The author of the book, Sasha Galitsky, has been living in Israel for many years, where he has spent over fifteen years working with elderly people (ranging in age from 80 to 100 years old) in a nursing home. He decided to share his experience of interacting with them.

It’s no secret that the “problem of parents and children” is an eternal one. At some point, generations stop understanding each other, and in the worst cases, this misunderstanding turns into irritation and conflict. We all know there’s an explanation for this, intellectually at least, but emotionally, it’s not so easy to grasp. For us, our parents remain the same figures they were when we were children—the strong, protective presence we relied on. Meanwhile, to them, we are still their little kids, far from fully grown.

The entire book is structured as a series of questions and answers: one chapter, one question (which is the title of the chapter), and one answer. The questions are quite varied, such as “Why do they behave like children?”, “Why do they hold on to old things and avoid buying new ones?”, “Why is it so hard for us to communicate with elderly parents?” and so on.
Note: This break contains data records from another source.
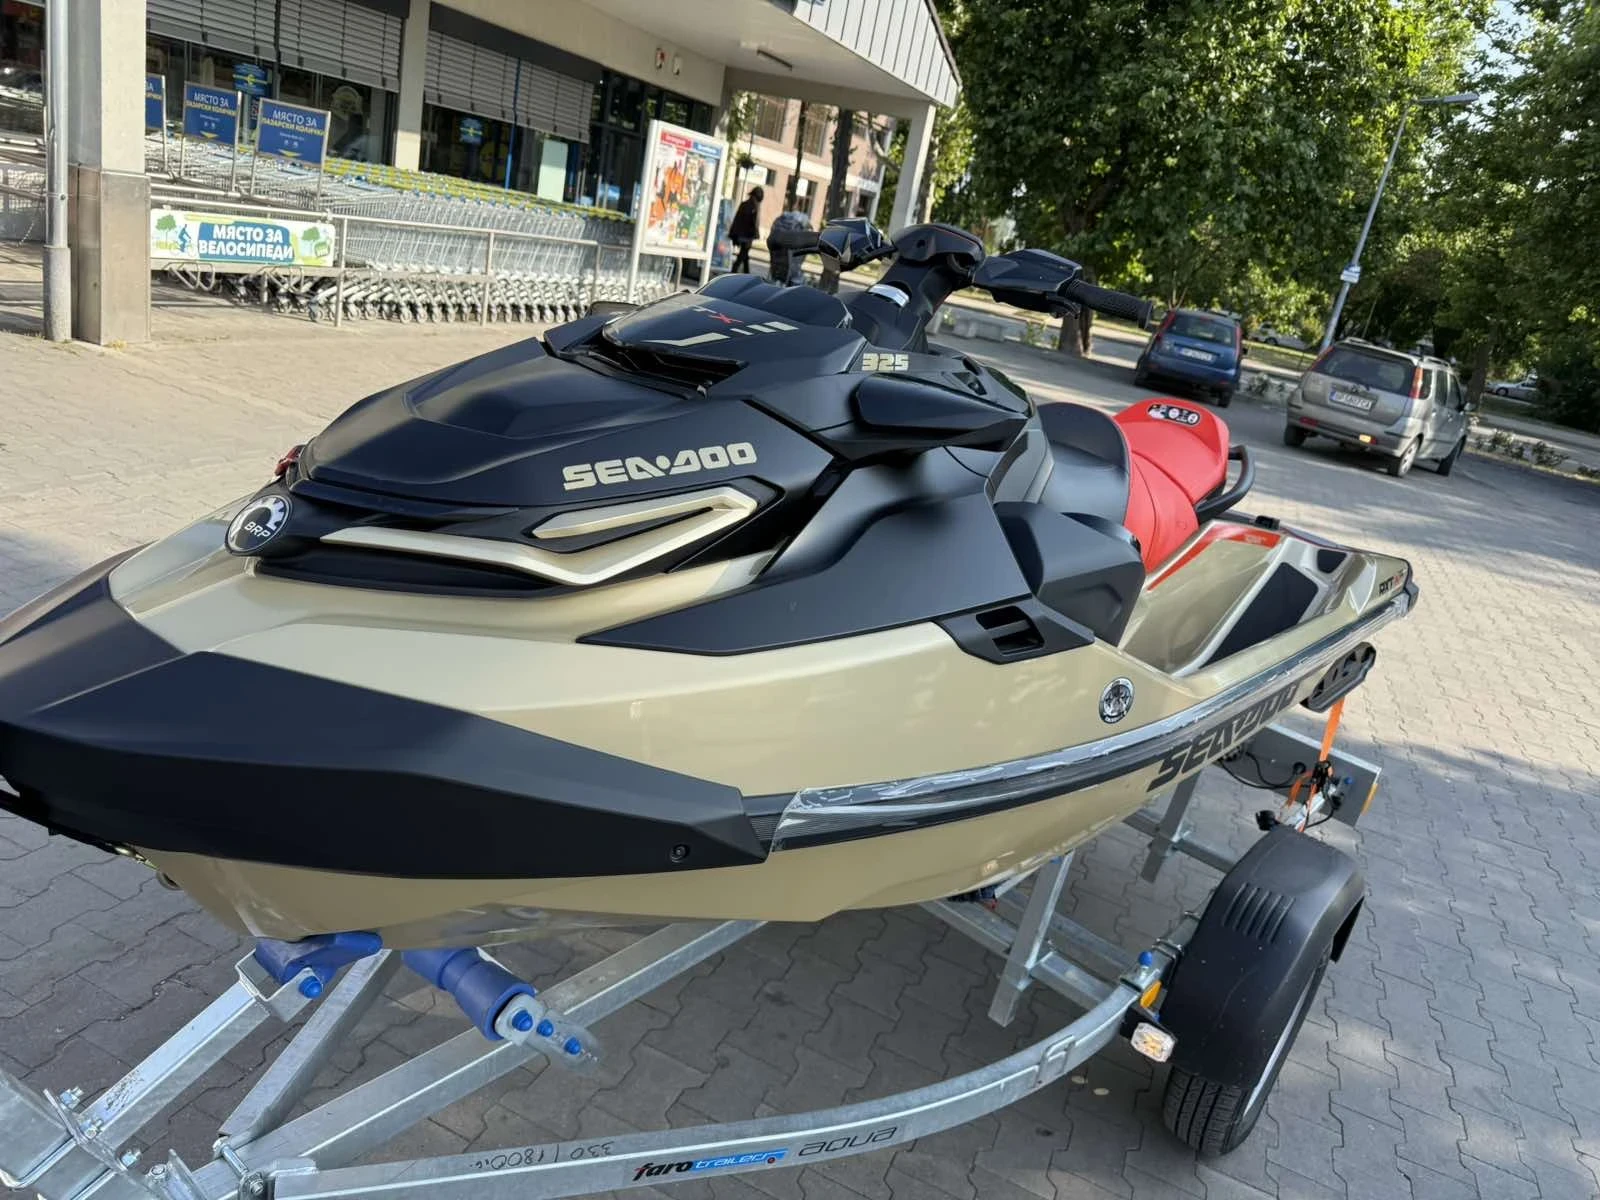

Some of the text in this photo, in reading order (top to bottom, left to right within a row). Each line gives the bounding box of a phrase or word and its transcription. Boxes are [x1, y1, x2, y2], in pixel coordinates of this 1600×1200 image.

[194, 91, 229, 108] МЯСТО ЗА
[272, 109, 304, 125] МЯСТО
[305, 117, 317, 127] ЗА
[212, 224, 283, 243] МЯСТО ЗА
[199, 240, 294, 260] ВЕЛОСИПЕДИ
[861, 353, 909, 371] 325
[244, 521, 271, 537] BRP
[570, 1141, 615, 1160] 330
[632, 1161, 694, 1181] faro
[799, 1126, 898, 1157] aqua
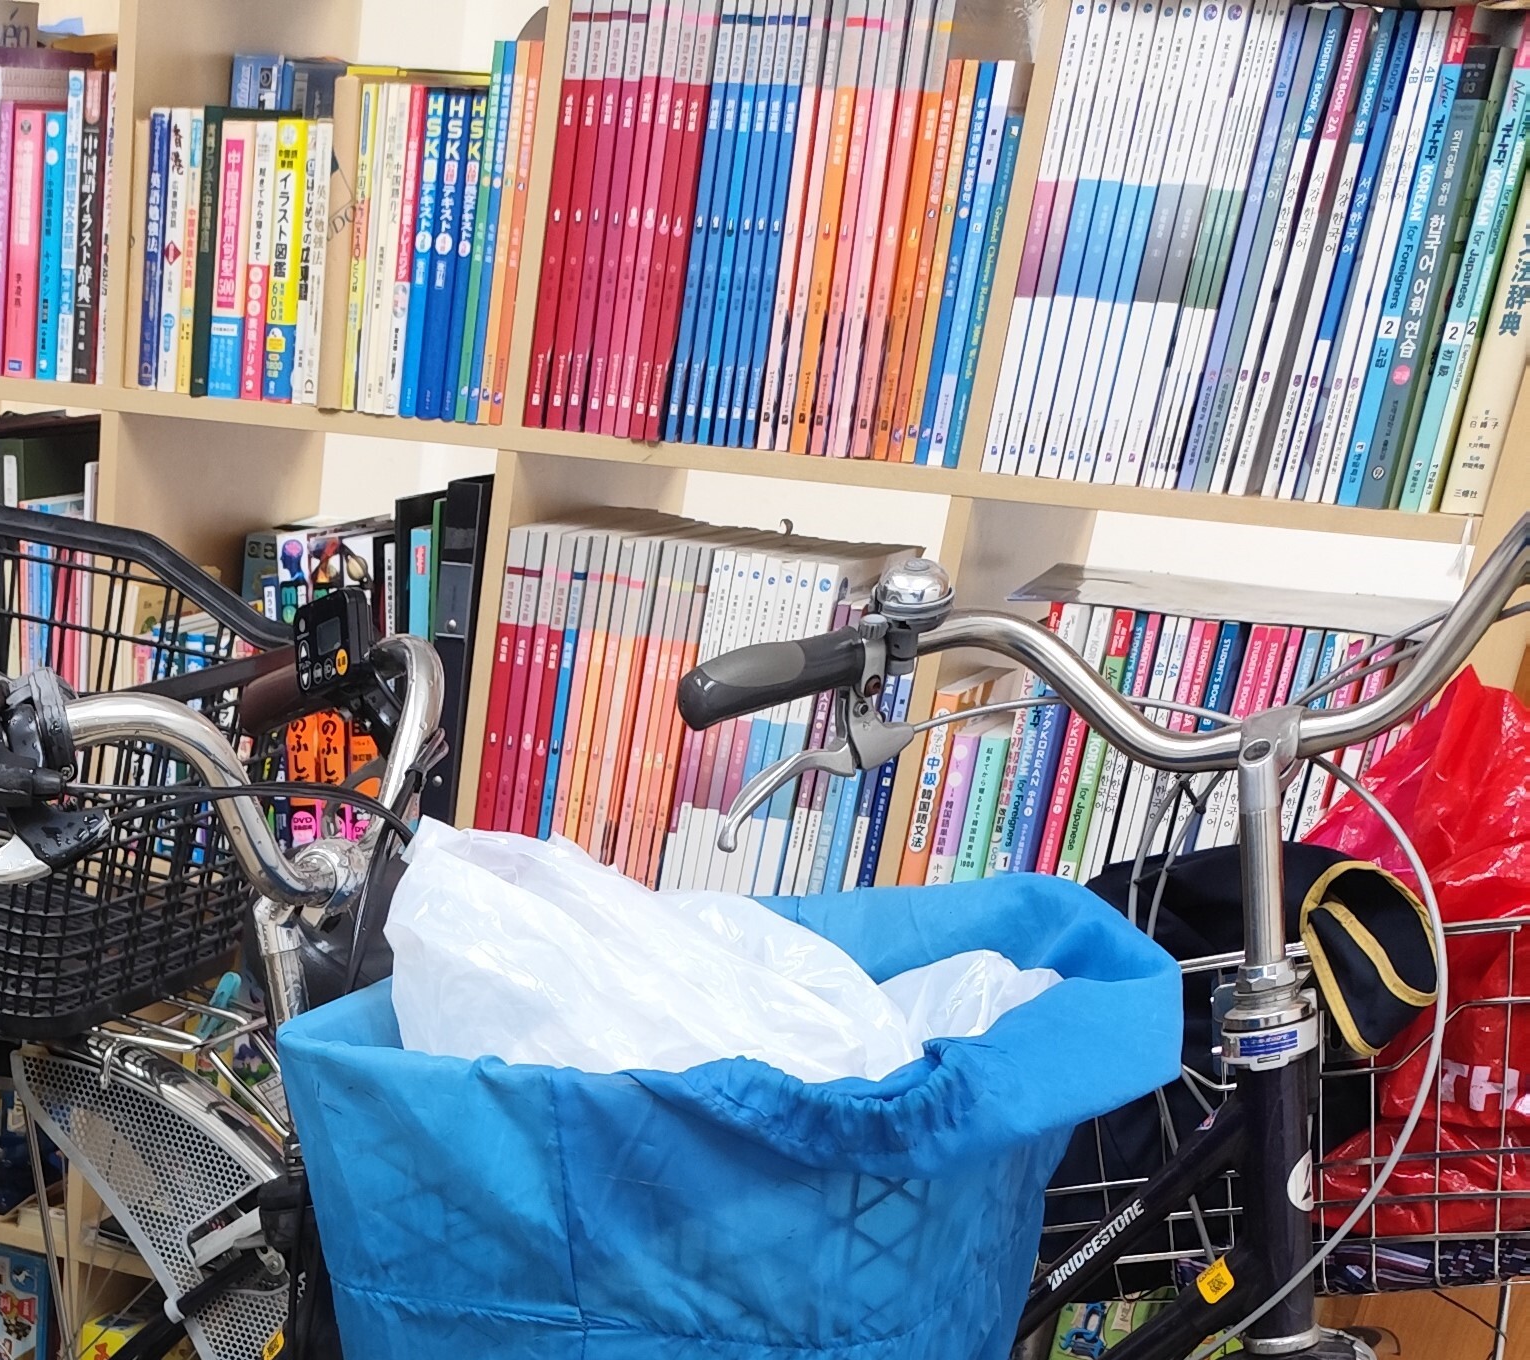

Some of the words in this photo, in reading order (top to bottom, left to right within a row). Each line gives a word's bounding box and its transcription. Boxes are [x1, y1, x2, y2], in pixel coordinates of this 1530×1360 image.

[1310, 82, 1324, 116] BOOK
[1333, 88, 1347, 113] BOOK
[423, 95, 444, 160] HSK
[444, 96, 465, 161] HSK
[467, 96, 487, 161] HSK
[1301, 116, 1316, 135] 4A
[1325, 115, 1340, 135] 2A
[1424, 115, 1446, 161] 가나다
[1493, 118, 1516, 168] 가나다
[417, 184, 436, 231] テキスト
[438, 185, 455, 234] テキスト
[1409, 163, 1436, 222] KOREAN
[1476, 168, 1504, 227] KOREAN
[78, 134, 99, 303] 中国語イラスト辞典
[273, 173, 292, 278] イラスト図鑑
[1406, 225, 1419, 242] for
[1472, 230, 1486, 248] for
[1487, 202, 1511, 255] Foreigners
[1419, 214, 1446, 274] 한국어
[1389, 243, 1415, 310] Foreigners
[1408, 276, 1432, 318] 어휘
[1455, 248, 1480, 309] Japanese
[1384, 320, 1394, 335] 2
[1399, 319, 1421, 360] 연습
[1448, 326, 1459, 341] 2
[1466, 321, 1477, 336] 2
[1374, 346, 1389, 369] 고급
[1436, 348, 1455, 378] 初級
[1454, 343, 1471, 391] Elementary
[1154, 661, 1165, 677] 4B
[1167, 663, 1179, 679] 4A
[1214, 638, 1232, 683] STUDENT'S
[1244, 639, 1263, 685] STUDENT'S
[1208, 683, 1220, 710] BOOK
[1080, 737, 1102, 785] KOREAN
[1078, 787, 1090, 800] for
[1004, 794, 1026, 848] Foreigners
[1067, 801, 1086, 851] Japanese
[1000, 855, 1008, 868] 1
[1061, 865, 1071, 876] 2
[1047, 1198, 1145, 1292] BRIDGESTONE
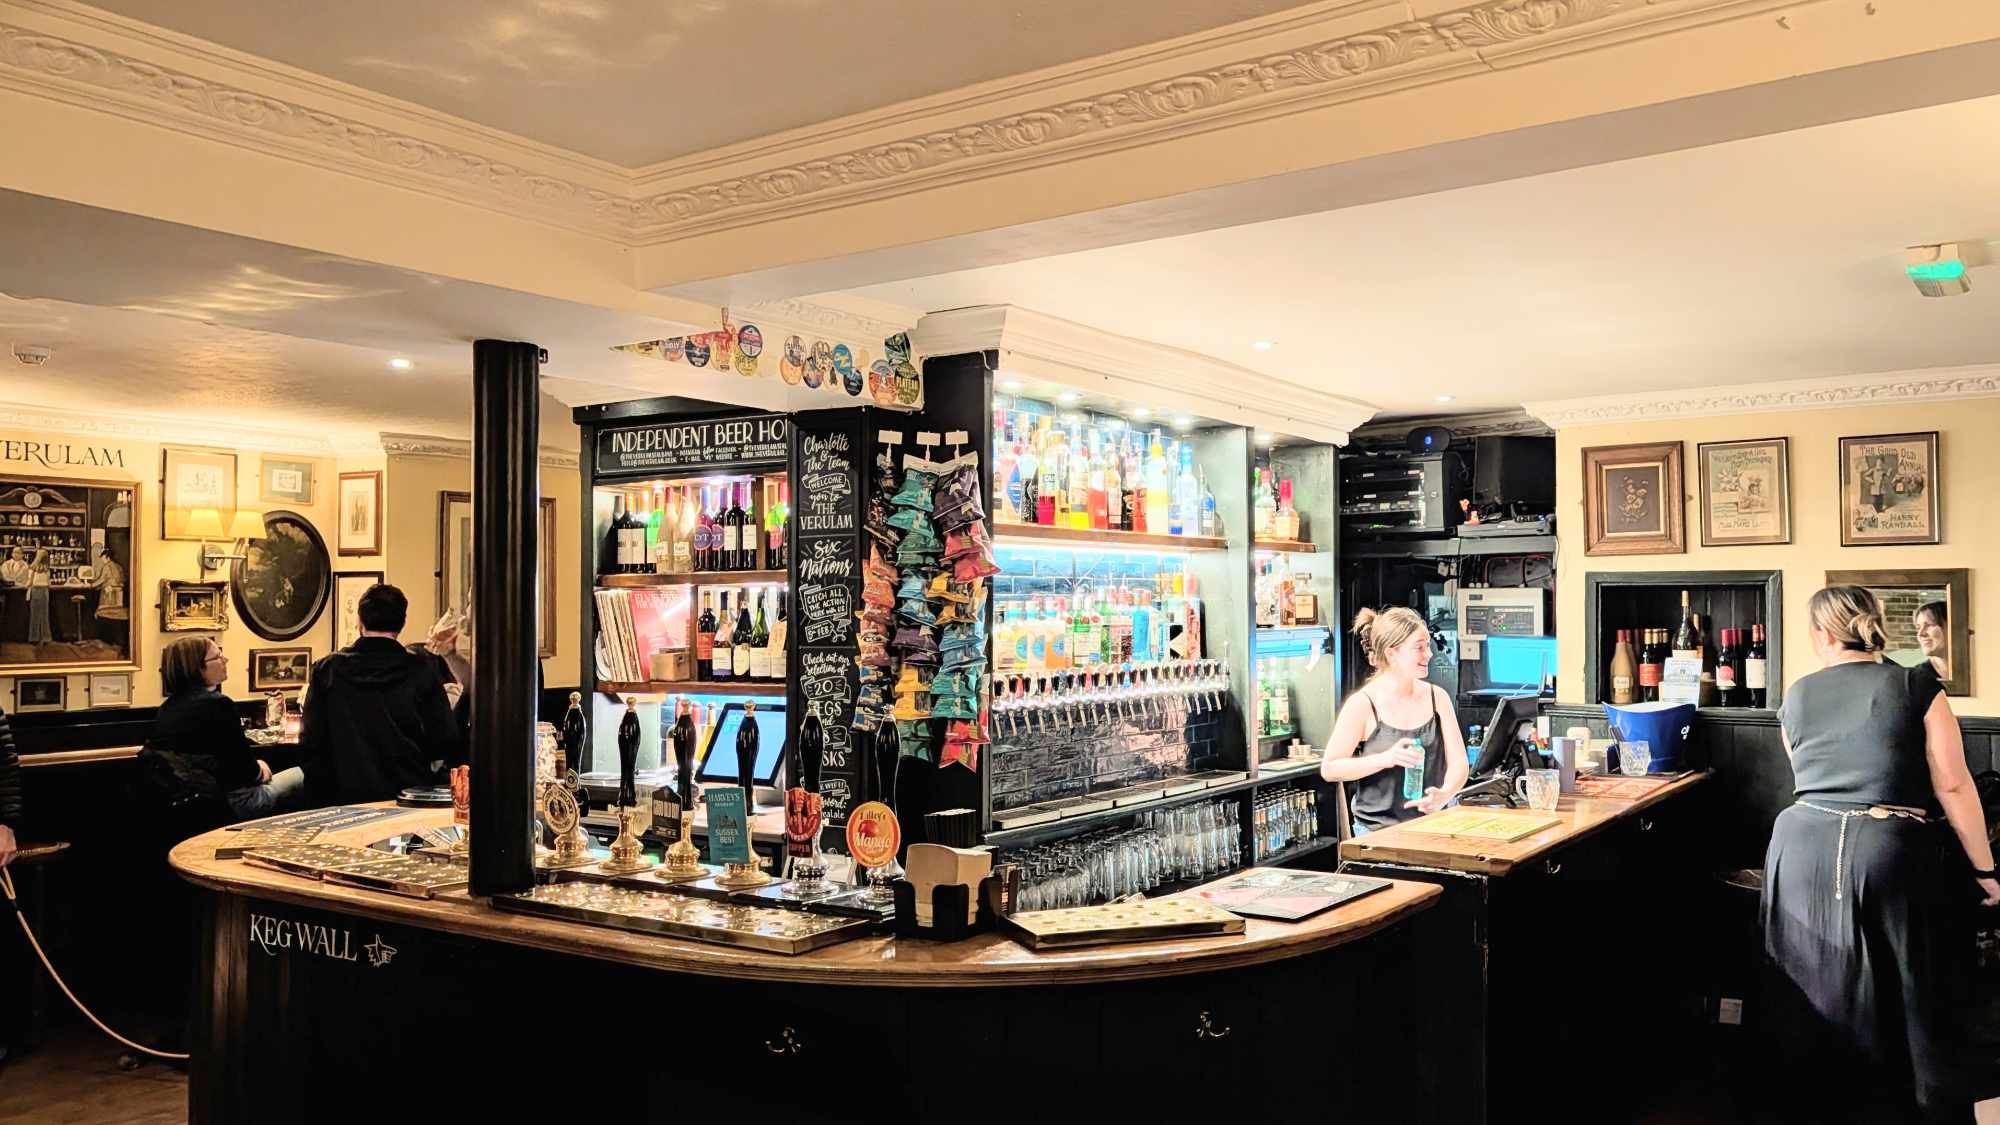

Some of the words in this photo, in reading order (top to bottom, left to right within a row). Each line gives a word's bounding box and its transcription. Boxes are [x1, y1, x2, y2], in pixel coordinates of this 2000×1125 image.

Sasha Galitsky builds his answers based on his experiences with the elderly, as well as on his personal theory of their actions, which is quite interesting. There are certain behaviors and motivations I had never seriously considered, though many of them seem quite logical once you look at the world and circumstances surrounding elderly people the right way.

The book is actually quite small. Out of its 180 pages, roughly a quarter or even a third is taken up by the author’s illustrations. Each chapter has one or two images, and the font is large. The language is light and engaging. You could even finish it in one sitting, but I couldn’t (I’ll explain why below).

Each chapter is only a few pages long, so it becomes clear that the book feels more like a collection of short blog posts bound together under one cover. Moreover, in some answers, the author repeats himself, which is usually fine for spaced-out blog entries but feels a bit redundant in a book.

The answers and interpretations of elderly behavior are certainly interesting. But as for how useful they are—it’s hard for me to say. Some things people can figure out on their own, while others may be difficult to accept, even with understanding. It requires years of practice, and not everyone will be ready for that. The core messages, however, are consistent throughout:

  • Don’t take offense.
  • Accept things as they are.
  • Understand that at some point, people start moving in reverse, back toward childhood.

But why couldn’t I finish the book in one go? Because it’s incredibly sad! Of course, the author didn’t intend for it to be this way—on the contrary, he tries to show that many elderly people are much happier than younger ones. But I’m not elderly yet, so reading and realizing what awaits me was quite depressing. I guess I’m not yet wise enough to take comfort in it.

You read a couple of chapters, and it plunges you into melancholy and a touch of depression. But you pick it up again after a break.

I definitely recommend the book to everyone. It really helps to better understand certain moments, including in your own behavior. But in terms of the practical usefulness of the advice, I’m not so sure. That’s why my overall rating isn’t too high. I had a very mixed reaction to this book—very mixed.